Friday, December 30 NPR speaks with New York Times journalist Ben Hubbard about his recent trip to Yemen to cover the war and visit camps for those displaced by the conflict.

“I think the U.N. is working very hard to try to provide services [in Yemen]. But I think because people have not seen this conflict wash up on their own shores the way that they have the conflict in Syria, it's much easier to not think about it.”

The Washington Post’s Sudarsan Raghavan visits al-Jamhuri hospital in Yemen’s northwestern city of Hajjah, which is struggling to provide care for the many residents in need of medical attention, including pregnant women and the war wounded.

“The hospital has just one defibrillator. Ventilation machines and other vital equipment are broken down, including some of the incubators in the maternity ward...There is only one machine to sterilize surgical instruments in the entire hospital, and it does not work properly.”

“The problem we are facing now is we don’t have cash,” said Abdul Malik Jahaf, the deputy governor. “We are incapable of providing even the simplest service here with the means we have.”

Saturday, December 31 Deutsche Welle reports on the seemingly endless conflicts in Yemen and Syria, and predicts the course that each conflict may take in 2017.

“The hunger crisis in Yemen is also a result of the economic crisis. There is food, but the people simply cannot afford it anymore,” says Volker Schwenck, Cairo correspondent for German public broadcaster ARD who recently visited Yemen. “The war is worsening the situation,” and people in Yemen have given up all hope of peace, he added.

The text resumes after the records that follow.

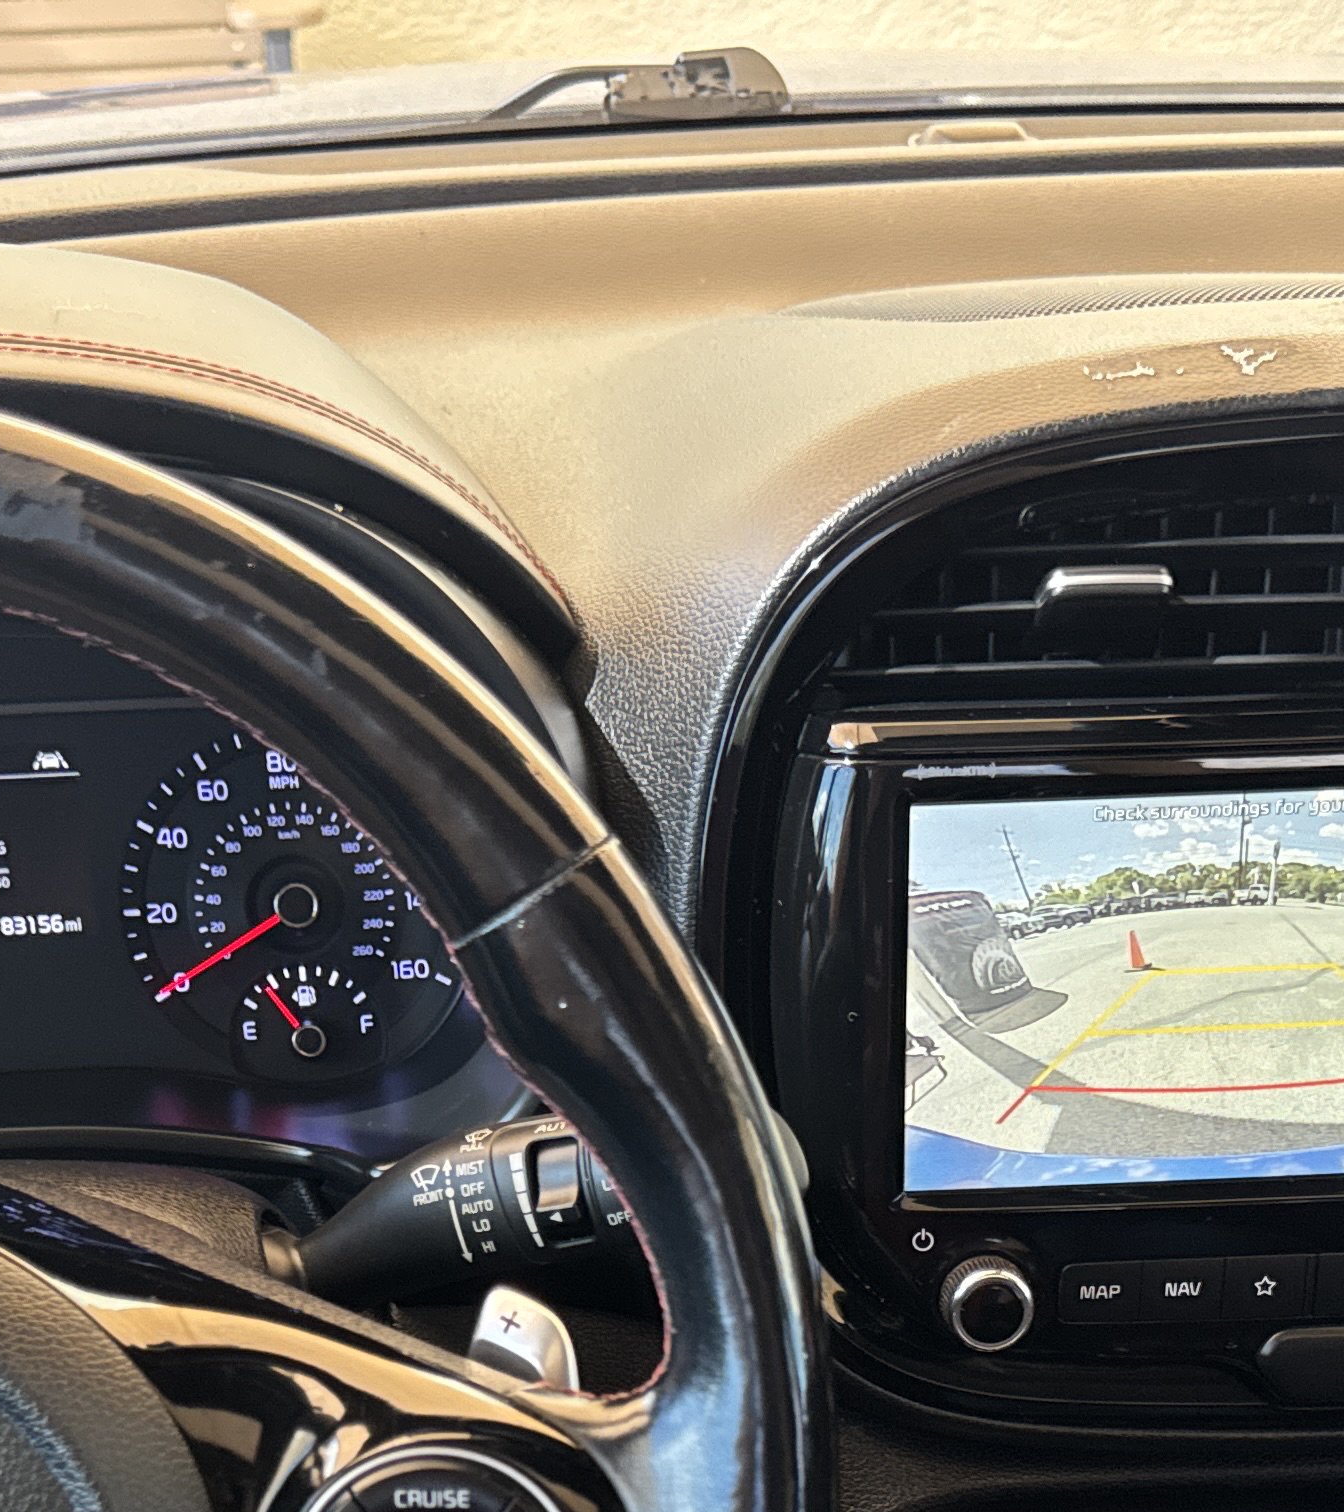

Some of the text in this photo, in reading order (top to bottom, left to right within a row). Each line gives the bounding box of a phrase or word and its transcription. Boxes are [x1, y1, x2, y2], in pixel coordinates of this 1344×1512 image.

[268, 775, 300, 790] MPH
[196, 779, 229, 802] 60
[1093, 804, 1148, 822] Check
[1150, 800, 1269, 820] surroundings
[1275, 801, 1303, 816] for
[266, 815, 286, 827] 120
[295, 814, 314, 826] 140
[156, 827, 188, 849] 40
[242, 825, 262, 837] 100
[278, 829, 300, 840] km/h
[320, 825, 340, 837] 160
[225, 842, 241, 853] 80
[341, 842, 360, 853] 180
[211, 865, 227, 877] 60
[354, 863, 374, 875] 200
[206, 894, 221, 905] 40
[364, 890, 384, 901] 220
[146, 903, 177, 924] 20
[210, 921, 225, 933] 20
[363, 919, 383, 930] 240
[352, 945, 374, 957] 260
[391, 959, 430, 979] 160
[242, 1021, 258, 1041] E
[360, 1014, 374, 1034] F
[456, 1160, 484, 1177] MIST
[460, 1181, 485, 1197] OFF
[413, 1188, 443, 1206] FRONT
[461, 1198, 494, 1215] AUTO
[472, 1218, 491, 1233] LO
[607, 1211, 632, 1226] OFF
[481, 1240, 496, 1253] HI
[1080, 1284, 1121, 1300] MAP
[1165, 1281, 1202, 1297] NAV
[394, 1489, 471, 1509] CRUISE

Sunday, January 1 Cross-border fire from Houthi forces killed a Saudi soldier in Jazan, according to the kingdom’s interior spokesman.

In Yemen’s Sharma Protectorate, two hours east of al-Mukalla, a dwindling population of green turtles is being destroyed by hunters reportedly selling the meat to local restaurants. Two hundred fifty of the the critically endangered turtles have been killed in the past month, according to local officials.

“Mohammed Abdullah al-Dohail, the head of the Department of Marine Biology at Hadramout University, told Al Jazeera that hawksbill turtles have already died off in the area and that the green turtles will face the same fate, if their killers are not stopped.”